The role of sirtuins in cardiac disease.
Matsushima Shouji,Sadoshima Junichi
American journal of physiology. Heart and circulatory physiology
Modification of histones is one of the important mechanisms of epigenetics, in which genetic control is determined by factors other than an individual's DNA sequence. Sirtuin family proteins, which are class III histone deacetylases, were originally identified as gene silencers that affect the mating type of yeast, leading to the name "silent mating-type information regulation 2" (SIR2).

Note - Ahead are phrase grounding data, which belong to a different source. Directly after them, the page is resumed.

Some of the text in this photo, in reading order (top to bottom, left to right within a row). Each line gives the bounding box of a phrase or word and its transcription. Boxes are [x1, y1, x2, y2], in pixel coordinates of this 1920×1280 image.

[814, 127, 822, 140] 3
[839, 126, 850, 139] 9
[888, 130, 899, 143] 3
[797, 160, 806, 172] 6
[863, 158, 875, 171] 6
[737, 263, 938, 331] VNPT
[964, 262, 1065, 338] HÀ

They are characterized by their requirement of nicotinamide adenine dinucleotide for their enzyme activity, unlike other classes of histone deacetylases. Sirtuins have been traditionally linked to longevity and the beneficial effects of calorie restriction and DNA damage repair. Recently, sirtuins have been shown to be involved in a wide range of physiological and pathological processes, including aging, energy responses to low calorie availability, and stress resistance, as well as apoptosis and inflammation. Sirtuins can also regulate mitochondrial biogenesis and circadian clocks. Seven sirtuin family proteins (Sirt1-7) have been identified as mammalian SIR2 orthologs, localized in different subcellular compartments, namely, the cytoplasm (Sirt1, 2), the mitochondria (Sirt3, 4, 5), and the nucleus (Sirt1, 2, 6, 7). Sirt1 is evolutionarily close to yeast SIR2 and has been the most intensively investigated in the cardiovascular system. Endogenous Sirt1 plays a pivotal role in mediating the cell death/survival process and has been implicated in the pathogenesis of cardiovascular disease. Downregulation of Sirt2 is protective against ischemic-reperfusion injury. Increased Sirt3 expression has been shown to correlate with longevity in humans. In addition, Sirt3 protects cardiomyocytes from aging and oxidative stress and suppresses cardiac hypertrophy. Sirt6 has also recently been demonstrated to attenuate cardiac hypertrophy, and Sirt7 is known to regulate apoptosis and stress responses in the heart. On the other hand, the roles of Sirt4 and Sirt5 in the heart remain largely uncharacterized.